Humans and animals alike constantly size up one another. In the workplace, a new employee quickly learns which coworkers are the most respected — and therefore hold more power. Big brothers boss around little brothers. In nature, a dominant male chimpanzee fights off would-be intruders. Even fish and octopi interact within social hierarchies.
These pecking orders have been studied within the behavioral ecology world for almost 100 years. How individuals interact can affect access to food and mates — even survival — and insights into those behaviors can lead to better management of threatened and endangered populations. But few studies have explored what the animals that live within these dominance hierarchies actually know about each other. The more animals know about each other, the more they may be able to optimize their aggression. New research, published March 3 in PNAS, offers the first big-picture look at information in these animal systems.
Using a new computational method, the researchers examined existing data on aggression — the earliest from a 1934 pigeon study — in 172 social groups across 85 species in 23 orders, looking for social dominance patterns. They found three main aggression strategies employed by individuals: simply fighting any lower-ranked opponents; specializing in fighting “close competitors” ranked just below themselves; and bullying opponents ranked much lower. The majority of the groups fell into the first category, where aggression could be explained by animals following a basic dominance hierarchy, but several groups used the more information-rich close competitors or bullying strategies to fine-tune their choice of opponents.
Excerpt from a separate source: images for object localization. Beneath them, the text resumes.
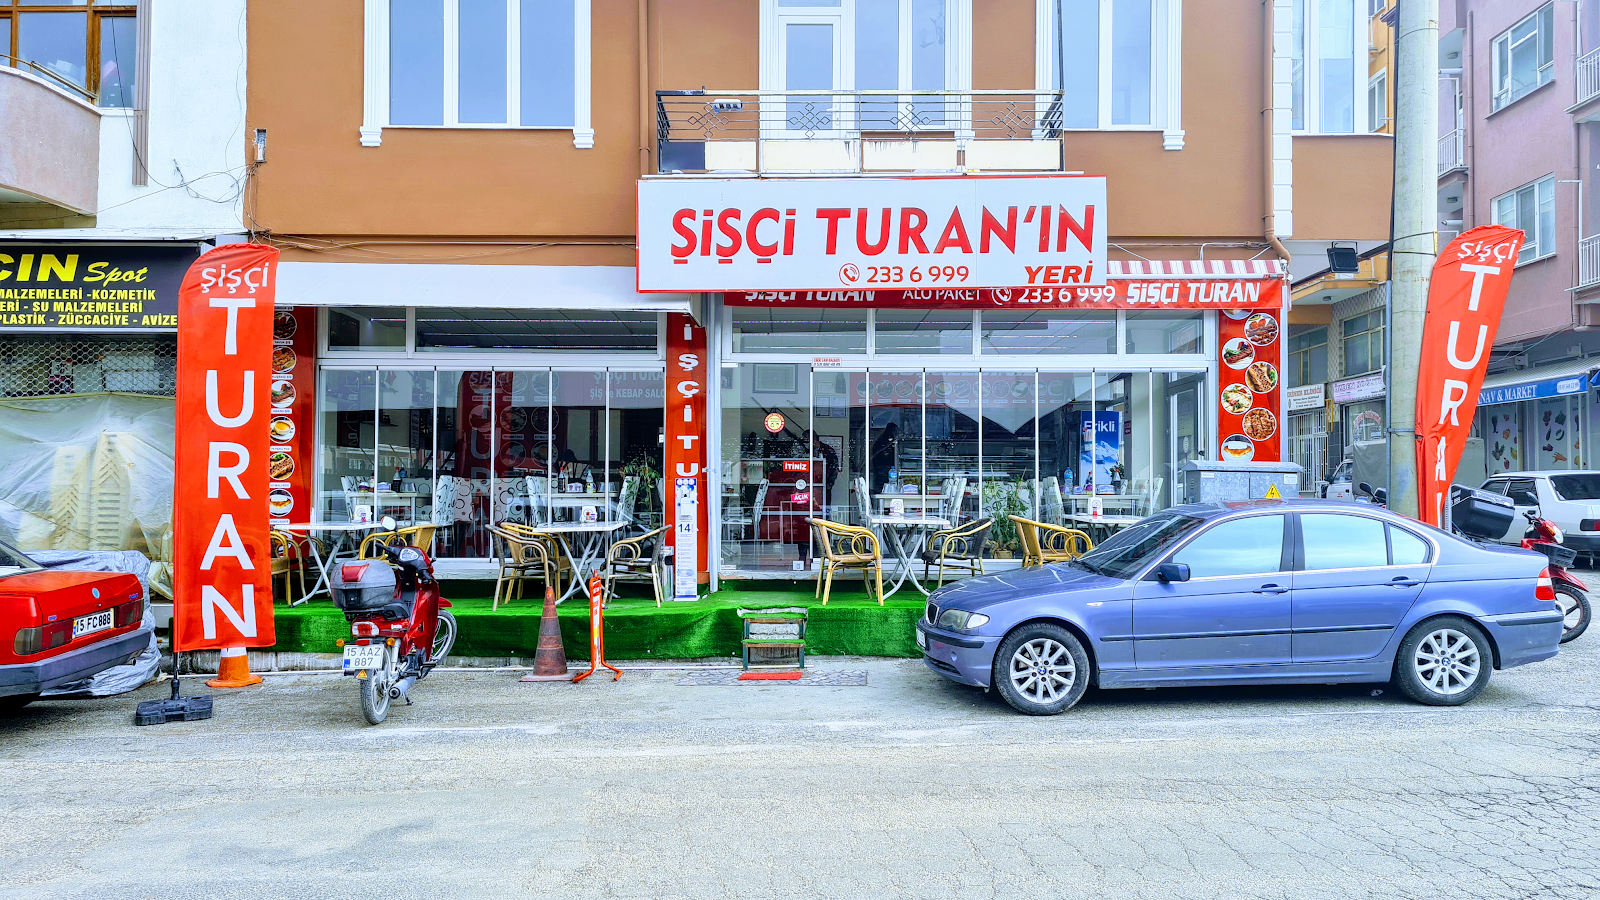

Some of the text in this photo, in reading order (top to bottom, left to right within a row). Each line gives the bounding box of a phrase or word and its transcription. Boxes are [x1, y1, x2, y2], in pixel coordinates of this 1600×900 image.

[816, 204, 1095, 256] TURAN'IN
[83, 261, 149, 287] Spot
[866, 265, 970, 283] 233 6 999
[1024, 259, 1094, 284] YERİ
[1018, 289, 1054, 303] 233
[1058, 288, 1072, 303] 6
[1076, 286, 1116, 303] 999
[1187, 283, 1261, 303] TURAN
[33, 302, 49, 312] SU
[53, 301, 143, 313] MALZEMELERİ
[58, 313, 129, 326] ZÜCCACİYE
[142, 314, 178, 326] AVİZE
[616, 388, 643, 398] KEBAP
[1497, 390, 1503, 402] &
[1505, 385, 1537, 401] MARKET
[200, 297, 258, 640] TURAN
[679, 523, 690, 533] 14
[76, 619, 84, 632] 15
[346, 648, 381, 657] 15 AAZ
[354, 658, 373, 667] 887
Rank clearly influences how one individual treats another, says biologist Elizabeth Hobson, the lead author of the study. She is currently an Assistant Professor at the University of Cincinnati and was formerly a Complexity Postdoctoral Fellow at the Santa Fe Institute, where she conducted much of the research.
“What we’re able to do with our computational approach is to get new insight into how animals are managing conflict within the groups, and the kind of information that informs those decisions,” she says. Simon DeDeo of Carnegie Mellon University and the Santa Fe Institute and Dan Mønster of Aarhus University in Denmark also contributed to the work.
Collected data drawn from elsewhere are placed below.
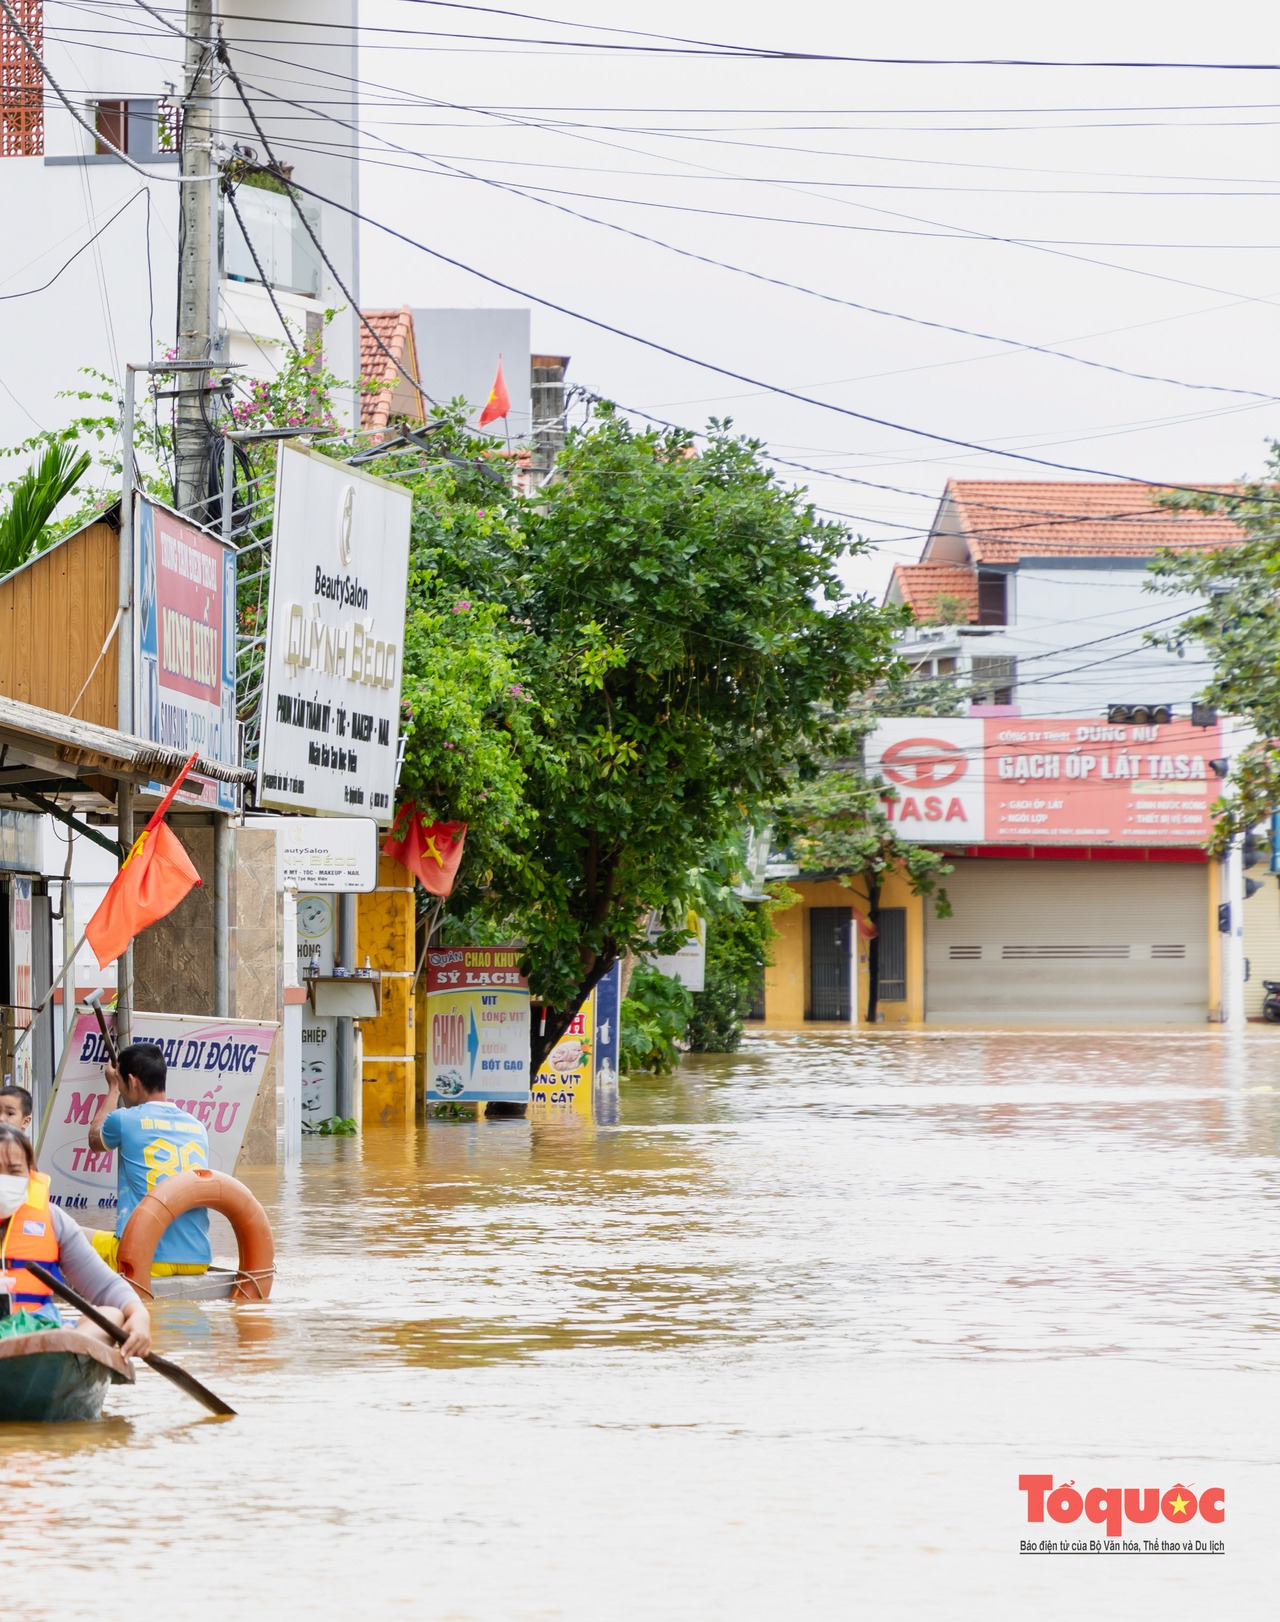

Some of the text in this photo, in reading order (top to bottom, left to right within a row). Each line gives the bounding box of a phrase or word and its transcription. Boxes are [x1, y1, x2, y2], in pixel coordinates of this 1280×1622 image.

[315, 565, 368, 611] BeautySalon
[162, 596, 218, 690] MINH HIẾU
[998, 747, 1206, 784] GẠCH ỐP LÁT TASA
[880, 796, 968, 821] TASA
[297, 940, 321, 958] HÒNG
[429, 950, 524, 967] QUÁN CHÁO KHUY
[437, 970, 520, 985] SỸ LẠCH
[302, 1027, 327, 1046] GHIỆP
[432, 1006, 465, 1066] CHÁO
[182, 1040, 206, 1069] DI
[204, 1035, 258, 1079] ĐỘNG
[482, 1059, 523, 1072] BỘT GẠO
[561, 1074, 581, 1089] VỊT
[532, 1092, 546, 1103] IM
Some of the results took the team by surprise. For example, it turns out that pronghorn — a speedy North American ungulate prized for its graceful gait — can be bullies. “They look so cute, right?” says Hobson. “You don’t expect them to have a bullying strategy in their group.”
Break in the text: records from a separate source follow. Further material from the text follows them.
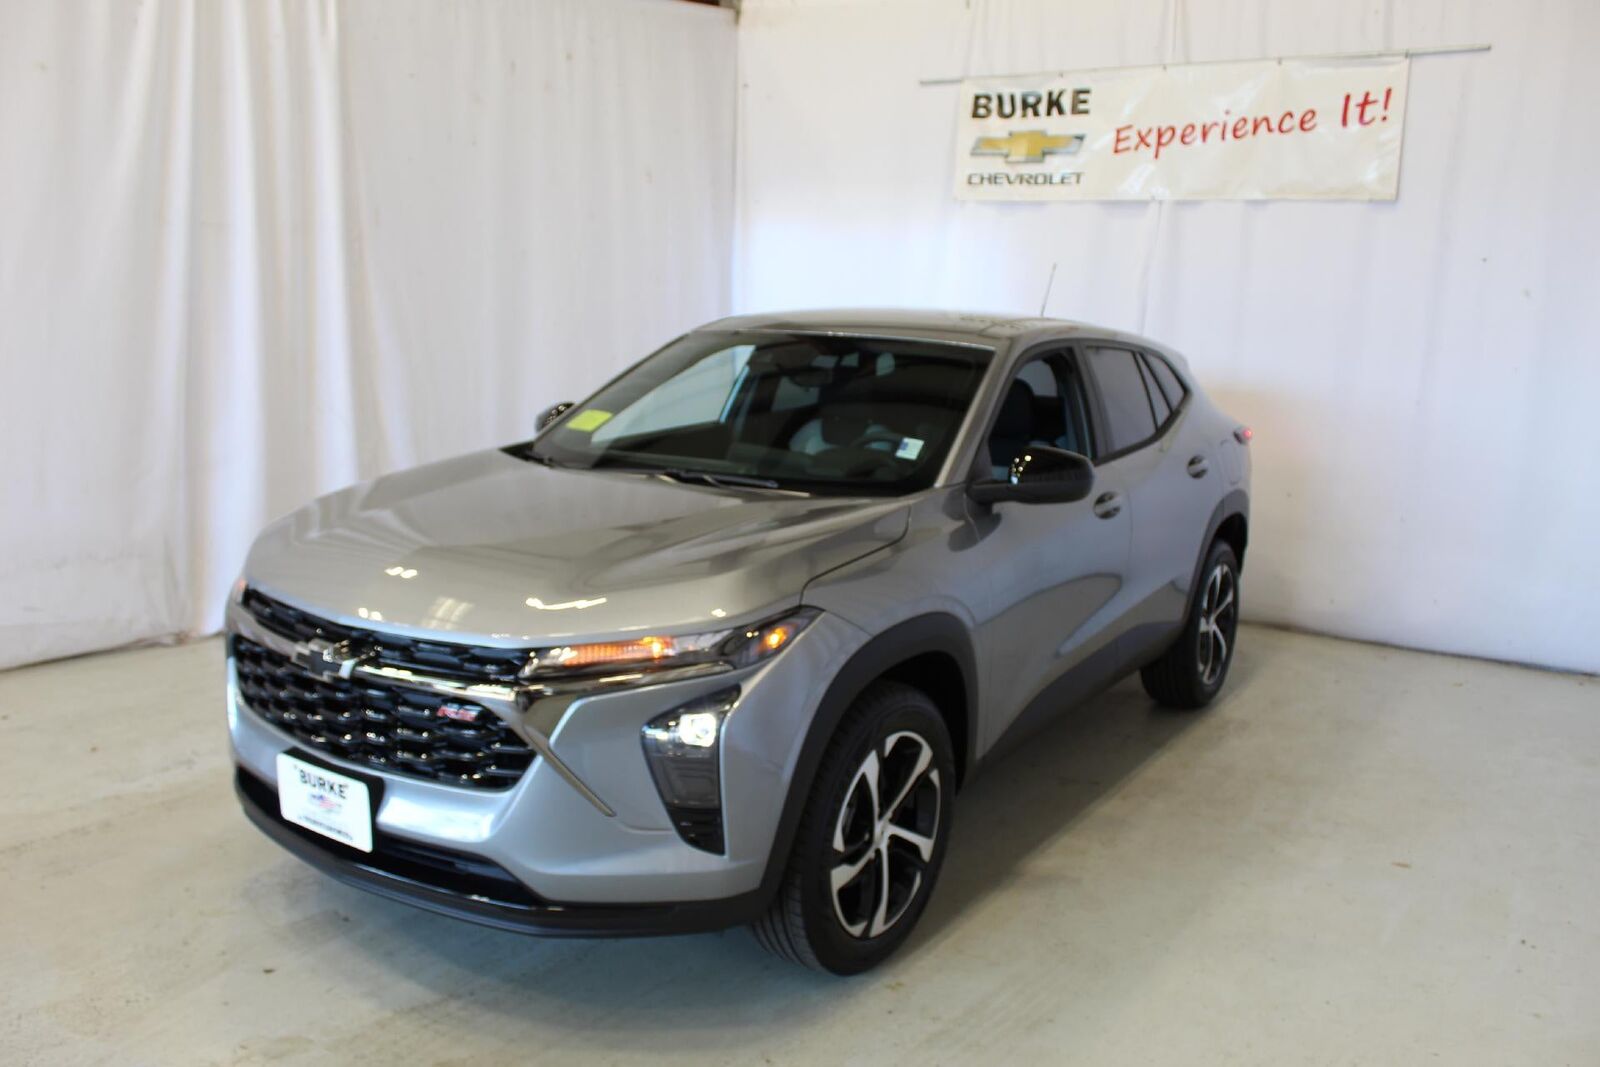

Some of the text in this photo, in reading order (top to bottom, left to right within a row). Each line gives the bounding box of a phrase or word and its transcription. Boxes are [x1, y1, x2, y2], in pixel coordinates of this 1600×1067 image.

[971, 88, 1091, 119] BURKE
[1112, 87, 1393, 159] Experience It!
[967, 172, 1085, 186] CHEVROLET
[299, 768, 348, 800] BURKE
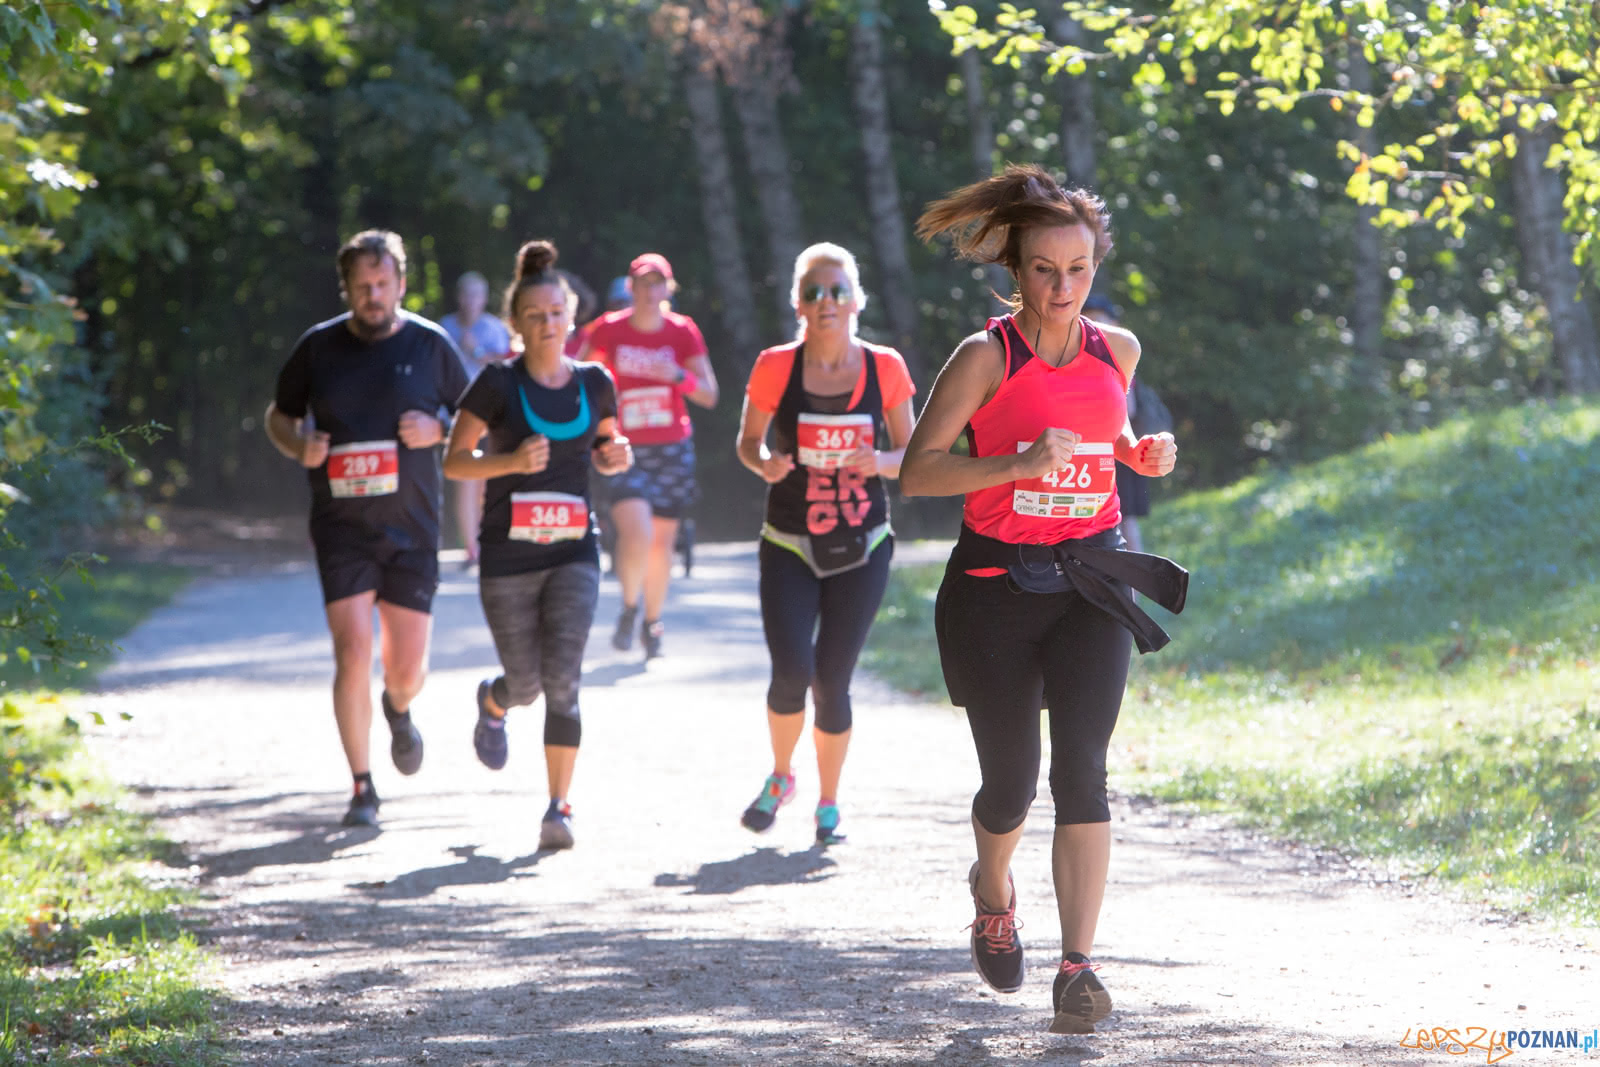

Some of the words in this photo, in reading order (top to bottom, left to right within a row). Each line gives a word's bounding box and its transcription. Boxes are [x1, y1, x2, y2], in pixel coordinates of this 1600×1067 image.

Another unexpected insight was that social dominance patterns can vary from group to group within the same species. For example, one group of African elephants behave according to a close competitor hierarchy, while another group exhibits bullying behavior.
It’s unclear why dominance strategies sometimes differ among groups, but this and other studies suggest that they can change according to the context in which individuals interact.
For example, “it may be that you have near rivals, so you might have to have conflict to sort that out,” DeDeo says.
Hobson says she hopes the study will inspire other researchers to look at how social information is used within and across species. This could provide a foundation for answering even bigger questions about how social complexity arises in animals, and how animals evolved the cognitive skills to enact these social dominance patterns.